El mundo de hoy es un mundo devastado por el mal. Es un mundo en el que la violencia constituye el código de comportamiento a todos los niveles, desde los familiares a los internacionales. Violencia que elimina al interlocutor, considerado un enemigo, para afirmar una posesión, indiscutida e indiscutible, por parte de cada persona individualmente.

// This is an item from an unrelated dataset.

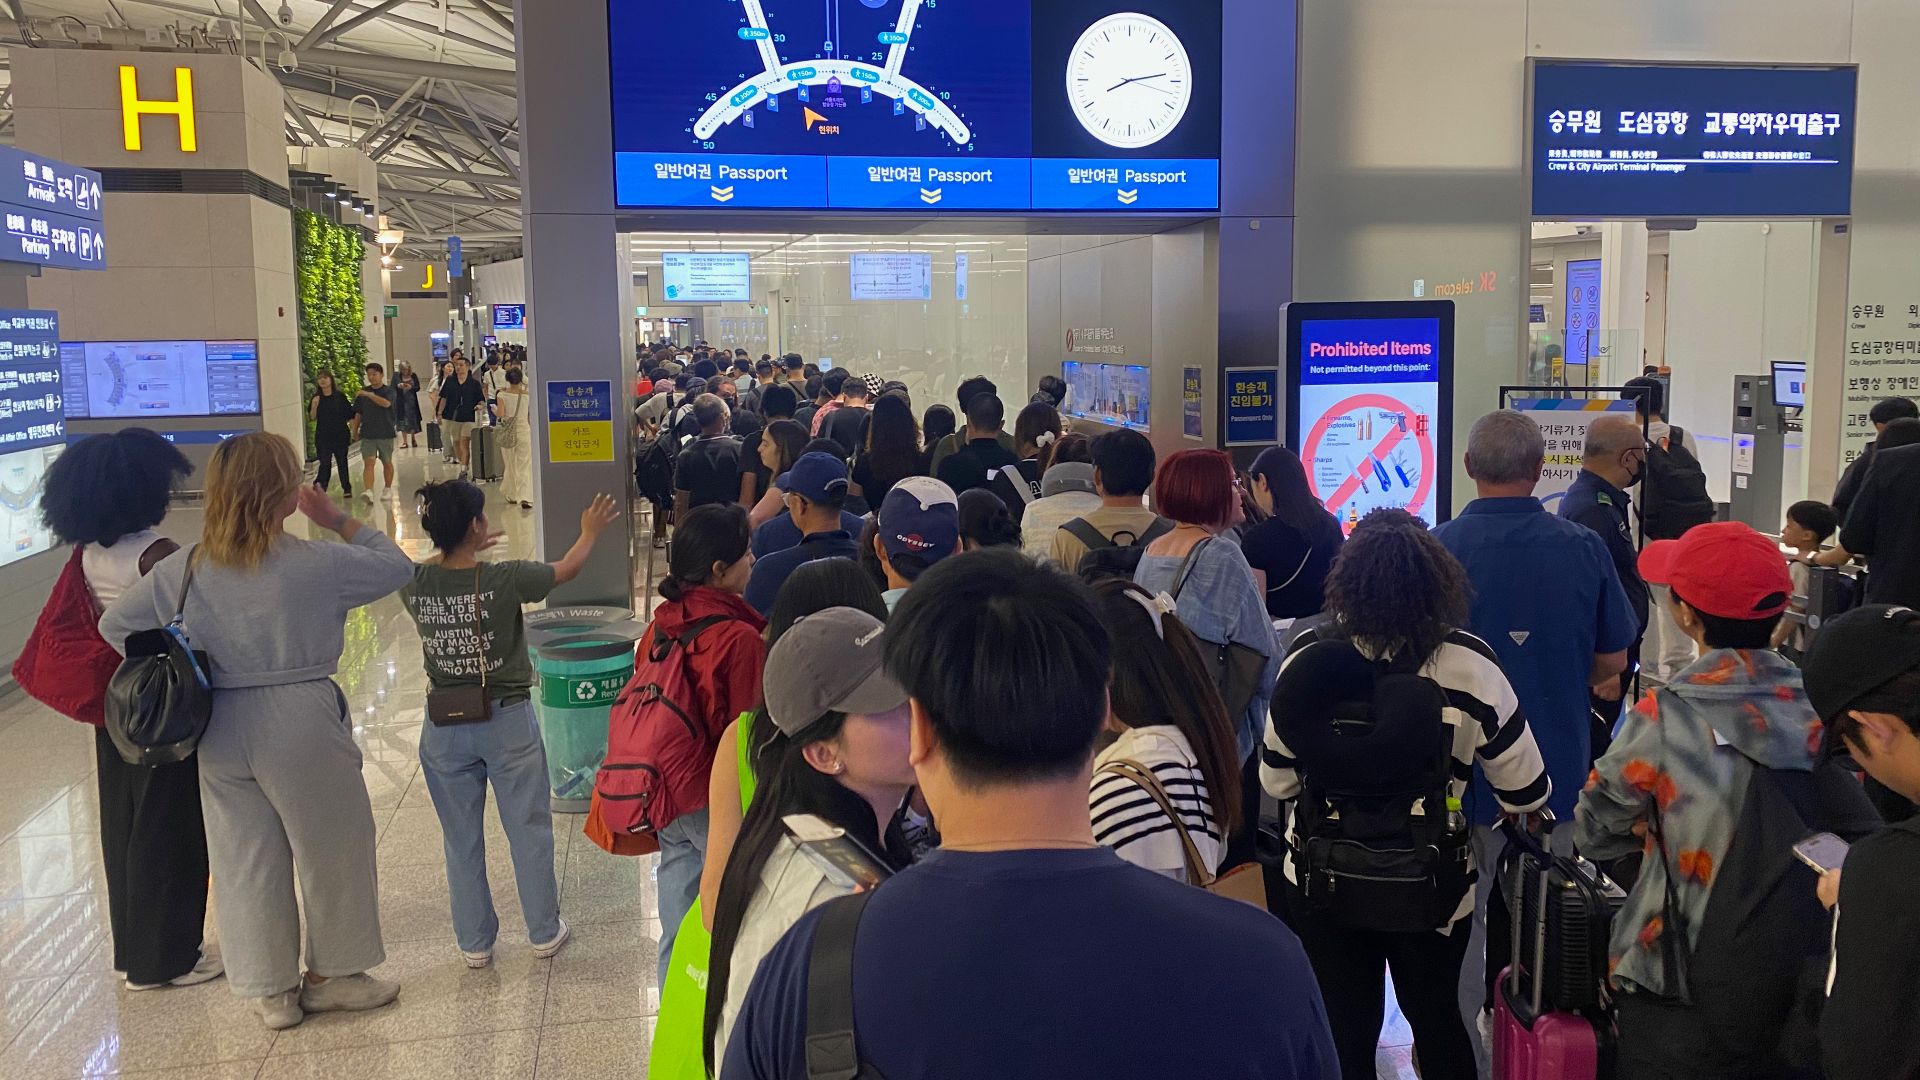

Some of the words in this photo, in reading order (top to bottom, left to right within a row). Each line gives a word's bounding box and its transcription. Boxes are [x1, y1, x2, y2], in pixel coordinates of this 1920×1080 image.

La violencia ha sembrado la muerte en las familias, con asesinatos de esposas, maridos, incluso de hijos; como nos dicen las estadísticas cada año, en Italia tenemos centenares de huérfanos de ambos progenitores, en los casos de homicidio-suicidio, o de uno de los dos. Miles de niños cuya vida ha sido destruida en su fundamental exigencia de ser acogidos, criados, educados.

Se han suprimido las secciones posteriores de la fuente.